These two aspects of modelling are strongly linked together. Indeed, to describe the fire spread in a simple way, it is necessary to understand well its behaviour. So, excepted if a statistical description is chosen, a fundamental knowledge is essential in order to make the appropriate assumptions and simplifications to create the model of behaviour.
Our research team has chosen this last approach. Indeed, our aim is to propose a management tool which provides the necessary information concerning the spreading of a wildland fire (rate of spread, fire front geometry and temperature field). In light of this, we have developed a semi-empirical model of fire spread across a fuel bed which is unsteady and two-dimensional along the ground shape [2]. This model should be used as a tool to help the fire fighters to make the appropriate decisions and the forest managers to make their working plans.

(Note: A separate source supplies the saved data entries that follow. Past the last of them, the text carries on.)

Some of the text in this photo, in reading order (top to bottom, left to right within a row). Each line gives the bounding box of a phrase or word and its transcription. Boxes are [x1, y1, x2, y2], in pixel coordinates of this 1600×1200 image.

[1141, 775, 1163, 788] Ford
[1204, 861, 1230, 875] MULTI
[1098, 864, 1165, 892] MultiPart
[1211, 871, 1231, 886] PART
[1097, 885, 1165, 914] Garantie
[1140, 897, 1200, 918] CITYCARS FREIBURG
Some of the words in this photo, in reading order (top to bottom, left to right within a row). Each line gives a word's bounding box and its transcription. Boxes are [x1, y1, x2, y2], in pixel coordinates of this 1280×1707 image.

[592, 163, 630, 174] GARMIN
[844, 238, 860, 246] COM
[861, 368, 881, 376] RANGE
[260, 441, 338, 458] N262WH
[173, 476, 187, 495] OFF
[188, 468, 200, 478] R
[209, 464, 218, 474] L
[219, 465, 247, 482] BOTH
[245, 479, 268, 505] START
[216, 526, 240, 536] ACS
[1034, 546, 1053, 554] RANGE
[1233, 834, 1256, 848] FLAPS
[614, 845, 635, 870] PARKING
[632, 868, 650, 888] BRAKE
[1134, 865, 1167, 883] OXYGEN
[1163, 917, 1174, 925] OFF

The model describes correctly the different configurations of slope and wind at laboratory scale through pine needle fuel beds. To reach this goal, we had to improve it by making the appropriate simple description. To proceed, we used a multiphase model as reference of modelling [1], as it describes the physics involved in forest fires in the finest way. Our approach consists in reducing it [3], for example to obtain a simplified flow that allows to improve the description of fire under wind conditions [4]. To complete our approach, we study in detail each phenomenon that we need to include in our model, in order to increase our fundamental knowledge to be sure that we make the appropriate simplifications.
In our talk, we will present our modelling approach and an application to wind effect description, as well as some perspectives brought by this approach. [1] Larini, M., Giroux F., Porterie B., and Loraud
J.C. A multiphase formulation for fire propagation in heterogeneous
combustible media. Int. J.
of Heat and Mass Transfer, 41 (1997) 881-897. [2] Santoni, P. A., Balbi, J. H. and Dupuy,
J.L. Dynamic modelling of upslope fire growth. Int. J. of Wildland Fire.
9 (1999) 285-292. [3] Simeoni,
A., Santoni, P.A., Larini, M., and Balbi, J.H. Proposal for Theoretical
Improvement of Semi-Physical Forest Fire Spread Models Thanks to a Multiphase
Approach: Application to a Fire Spread Model Across a Fuel Bed. Comb.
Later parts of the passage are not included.